Except for the pictures, write out all the records that follow exactly.

(Spatial localization data)

++++++++++

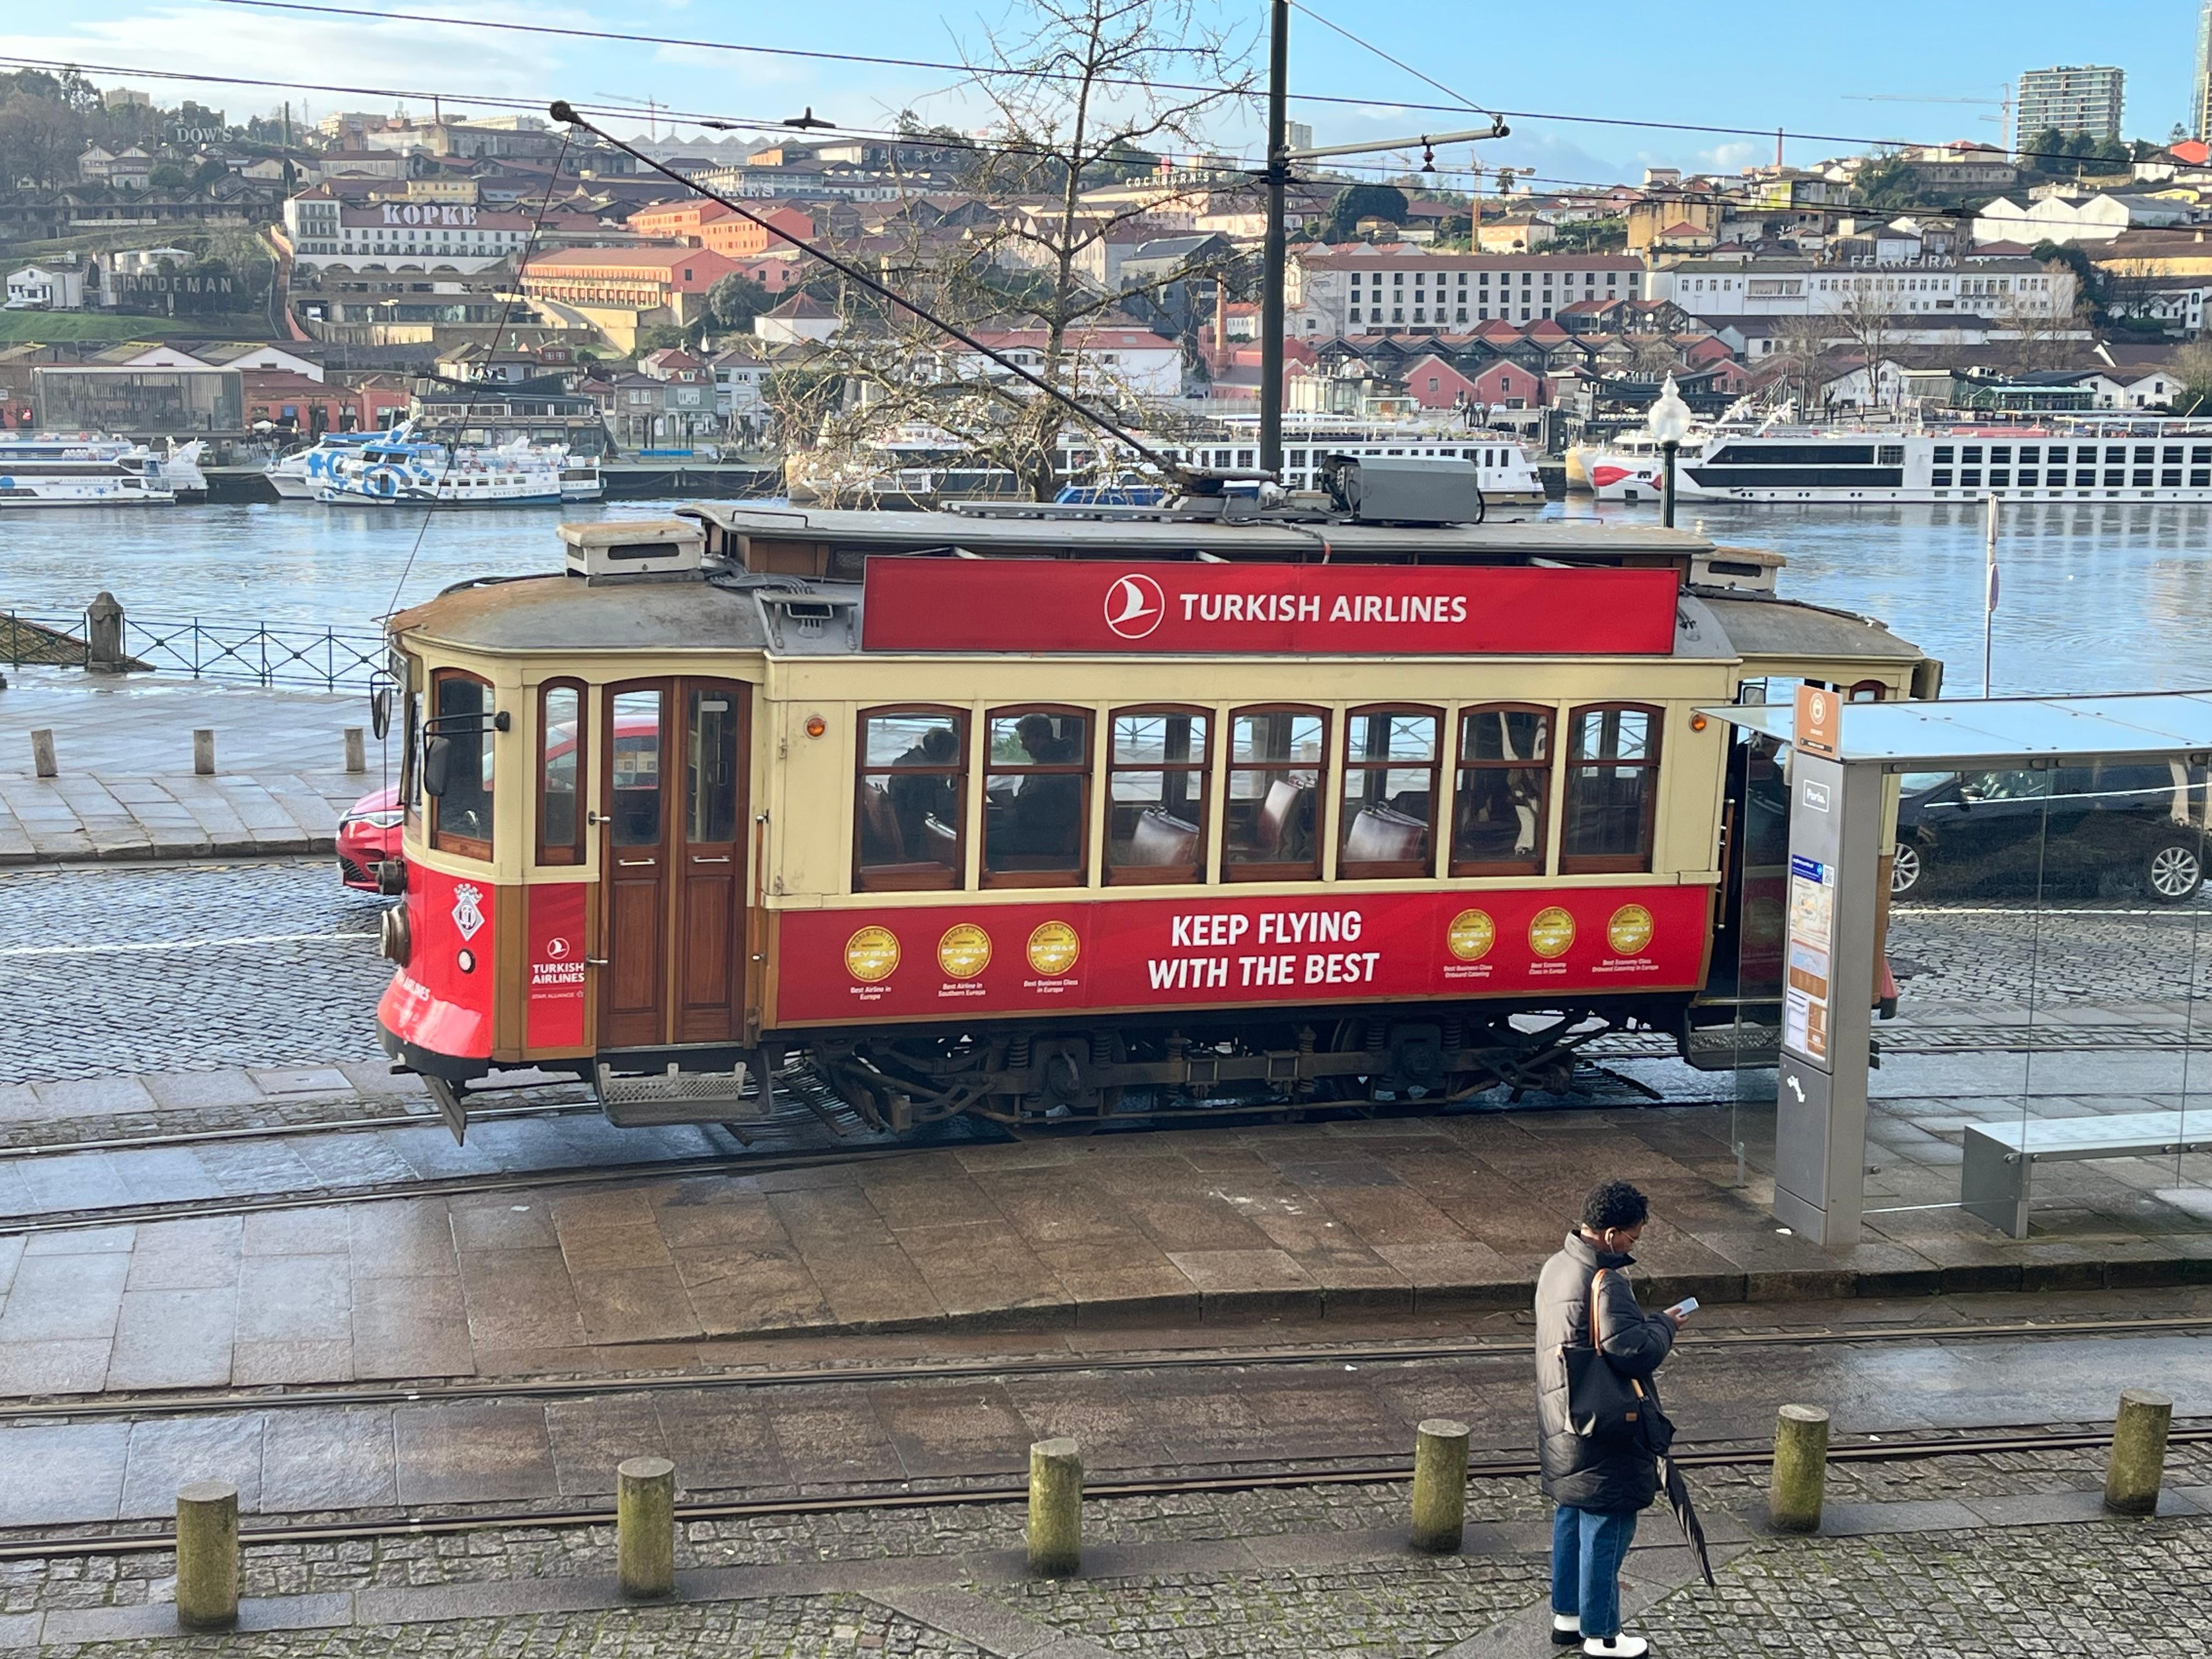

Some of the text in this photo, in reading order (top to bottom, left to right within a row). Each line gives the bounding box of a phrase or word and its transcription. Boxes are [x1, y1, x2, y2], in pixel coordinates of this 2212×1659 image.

[176, 126, 233, 142] DOW'S
[863, 149, 959, 163] BARROS
[1126, 171, 1209, 188] COCKBURN'S
[382, 204, 476, 225] KOPKE
[1850, 254, 1955, 269] FERREIRA
[1180, 594, 1467, 623] TURKISH AIRLINES
[1172, 911, 1362, 947] KEEP FLYING
[532, 962, 584, 974] TURKISH
[1148, 952, 1381, 990] WITH THE BEST
[532, 973, 585, 985] AIRLINES

++++++++++

▸ **Output**
Some of the text in this photo, in reading order (top to bottom, left to right within a row). Each line gives the bounding box of a phrase or word and its transcription. Boxes are [x1, y1, x2, y2], in pixel coordinates of this 2212×1659 image.

[176, 126, 233, 142] DOW'S
[863, 149, 959, 163] BARROS
[1126, 171, 1209, 188] COCKBURN'S
[382, 204, 476, 225] KOPKE
[1850, 254, 1955, 269] FERREIRA
[1180, 594, 1467, 623] TURKISH AIRLINES
[1172, 911, 1362, 947] KEEP FLYING
[532, 962, 584, 974] TURKISH
[1148, 952, 1381, 990] WITH THE BEST
[532, 973, 585, 985] AIRLINES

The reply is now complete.